* YOUR TASK
Images excluded, reproduce each line of the records exactly as it stands.

RECORDS SHOWN section start

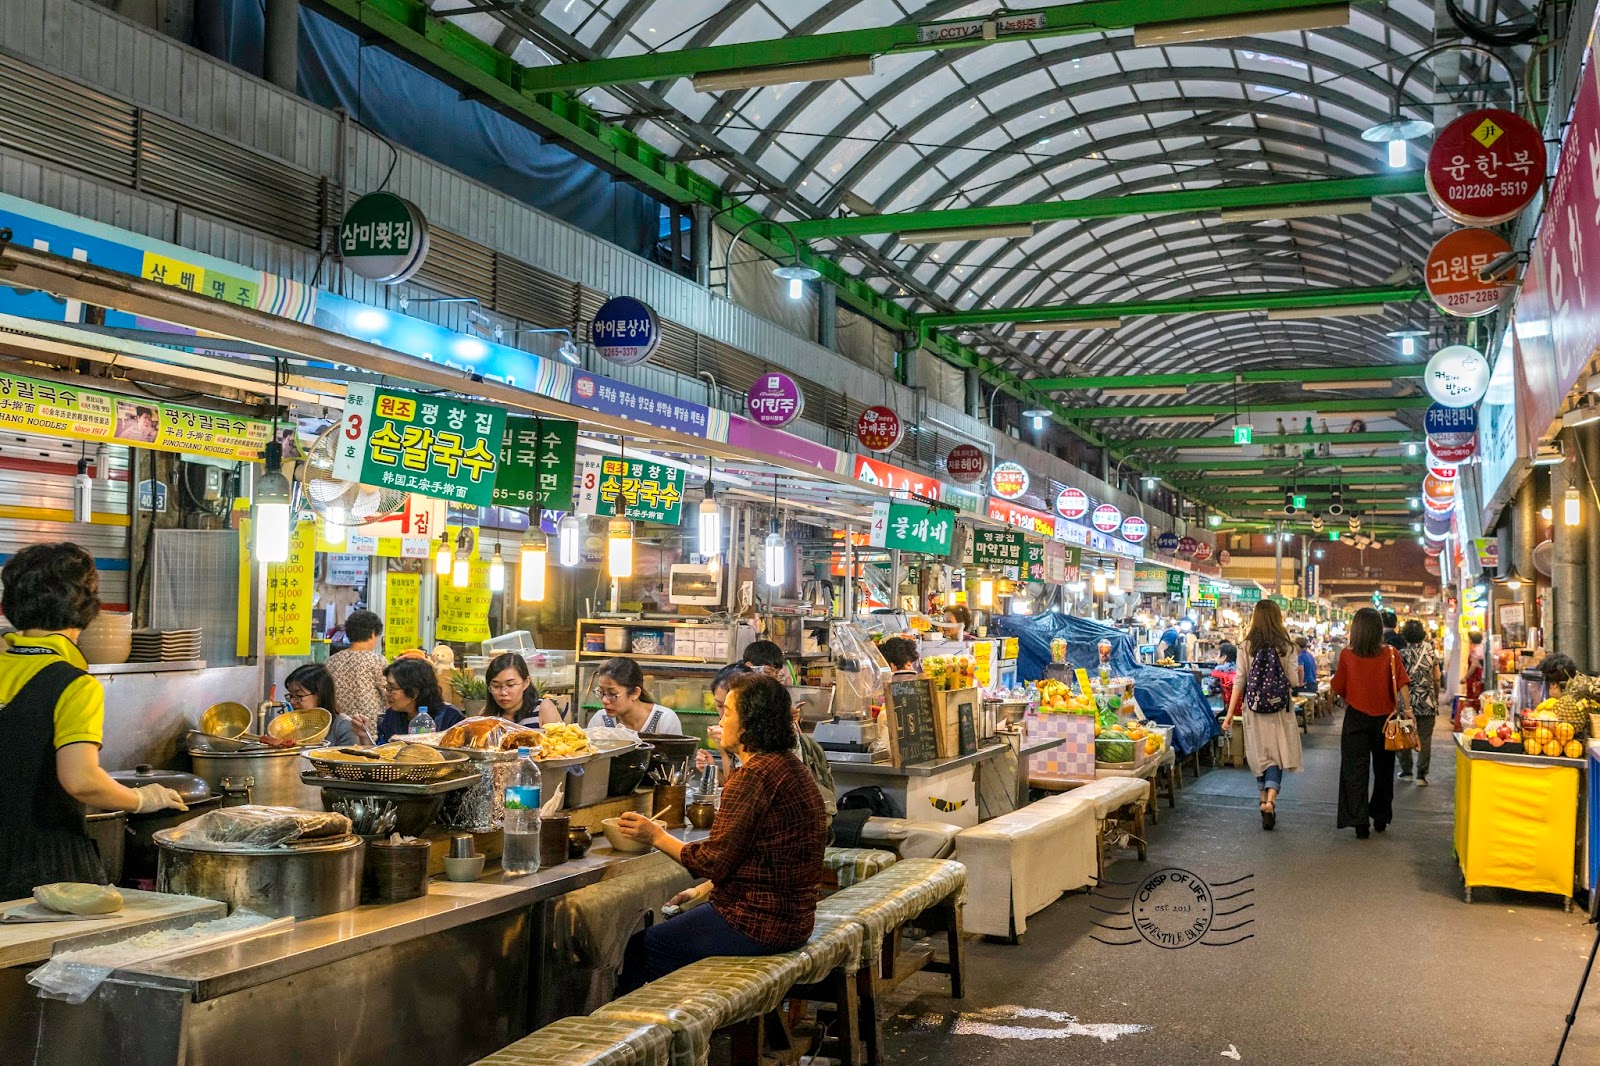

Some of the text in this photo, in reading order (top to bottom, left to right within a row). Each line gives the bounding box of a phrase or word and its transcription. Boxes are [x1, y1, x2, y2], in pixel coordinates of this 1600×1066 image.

[941, 26, 968, 38] CCTV
[1442, 150, 1534, 181] 윤한복
[1449, 181, 1528, 200] 02)2268-5519
[341, 221, 411, 250] 삼미횟집
[1448, 290, 1499, 306] 2267-2289
[594, 319, 650, 338] 하이론상사
[604, 347, 637, 357] 2265-3379
[380, 397, 411, 418] 원조
[598, 385, 617, 403] 목화솜
[619, 391, 636, 408] 명주솜
[638, 396, 654, 413] 양모솜
[656, 401, 672, 418] 화학솜
[751, 398, 794, 413] 아랑주
[27, 418, 68, 431] NOODLES
[74, 425, 108, 436] since 1977
[346, 414, 363, 440] 3
[162, 439, 233, 456] PINGCHANG NOODLES
[345, 446, 355, 459] 호
[370, 421, 497, 482] 손칼국수
[606, 462, 626, 474] 원조
[539, 473, 557, 491] 면
[584, 473, 595, 490] 3
[585, 493, 592, 501] 호
[600, 475, 681, 510] 손칼국수
[415, 510, 430, 534] 집
[875, 518, 883, 531] 4
[976, 542, 1020, 558] 마약김밥
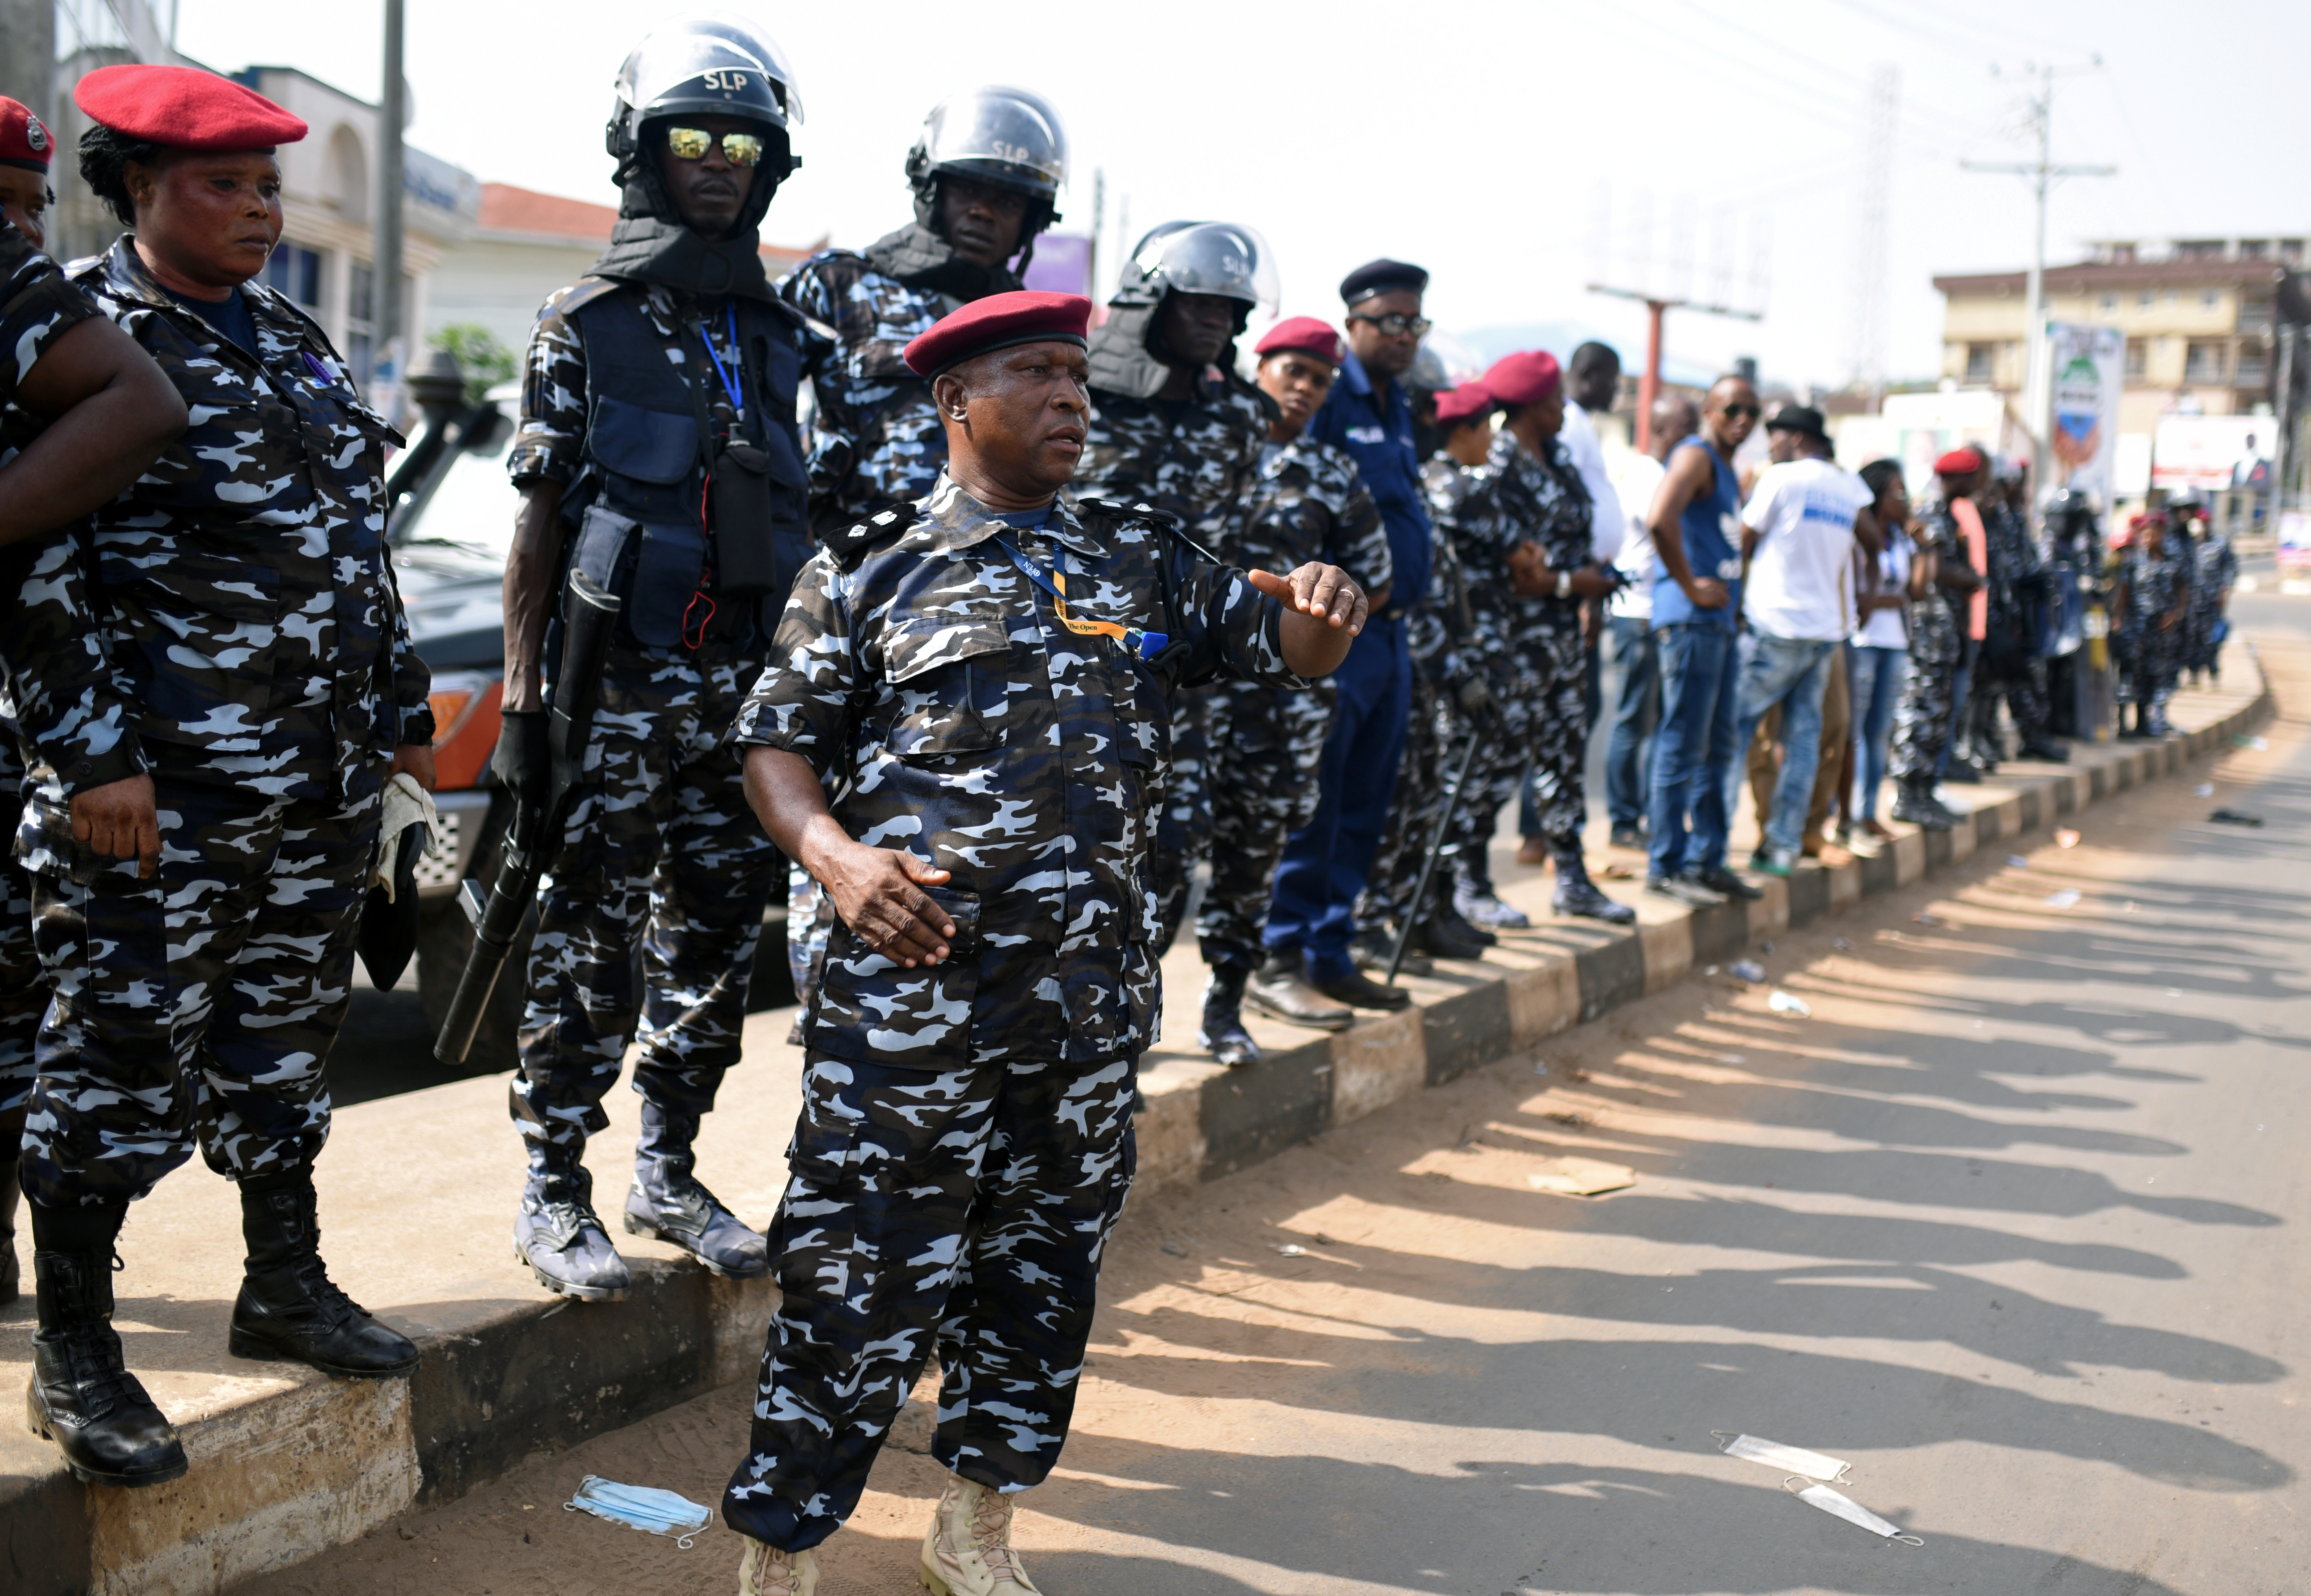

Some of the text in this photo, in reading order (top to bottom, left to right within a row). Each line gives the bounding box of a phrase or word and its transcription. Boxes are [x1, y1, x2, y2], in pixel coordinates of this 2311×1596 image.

[703, 72, 739, 91] SLP
[992, 140, 1029, 165] SLP
[1023, 561, 1041, 577] OPEN

RECORDS SHOWN section end

* EXERCISE RESULT
Some of the text in this photo, in reading order (top to bottom, left to right within a row). Each line gives the bounding box of a phrase or word and its transcription. Boxes are [x1, y1, x2, y2], in pixel coordinates of this 1600×1066 image.

[941, 26, 968, 38] CCTV
[1442, 150, 1534, 181] 윤한복
[1449, 181, 1528, 200] 02)2268-5519
[341, 221, 411, 250] 삼미횟집
[1448, 290, 1499, 306] 2267-2289
[594, 319, 650, 338] 하이론상사
[604, 347, 637, 357] 2265-3379
[380, 397, 411, 418] 원조
[598, 385, 617, 403] 목화솜
[619, 391, 636, 408] 명주솜
[638, 396, 654, 413] 양모솜
[656, 401, 672, 418] 화학솜
[751, 398, 794, 413] 아랑주
[27, 418, 68, 431] NOODLES
[74, 425, 108, 436] since 1977
[346, 414, 363, 440] 3
[162, 439, 233, 456] PINGCHANG NOODLES
[345, 446, 355, 459] 호
[370, 421, 497, 482] 손칼국수
[606, 462, 626, 474] 원조
[539, 473, 557, 491] 면
[584, 473, 595, 490] 3
[585, 493, 592, 501] 호
[600, 475, 681, 510] 손칼국수
[415, 510, 430, 534] 집
[875, 518, 883, 531] 4
[976, 542, 1020, 558] 마약김밥

Some of the text in this photo, in reading order (top to bottom, left to right within a row). Each line gives the bounding box of a phrase or word and its transcription. Boxes are [x1, y1, x2, y2], in pixel coordinates of this 2311×1596 image.

[703, 72, 739, 91] SLP
[992, 140, 1029, 165] SLP
[1023, 561, 1041, 577] OPEN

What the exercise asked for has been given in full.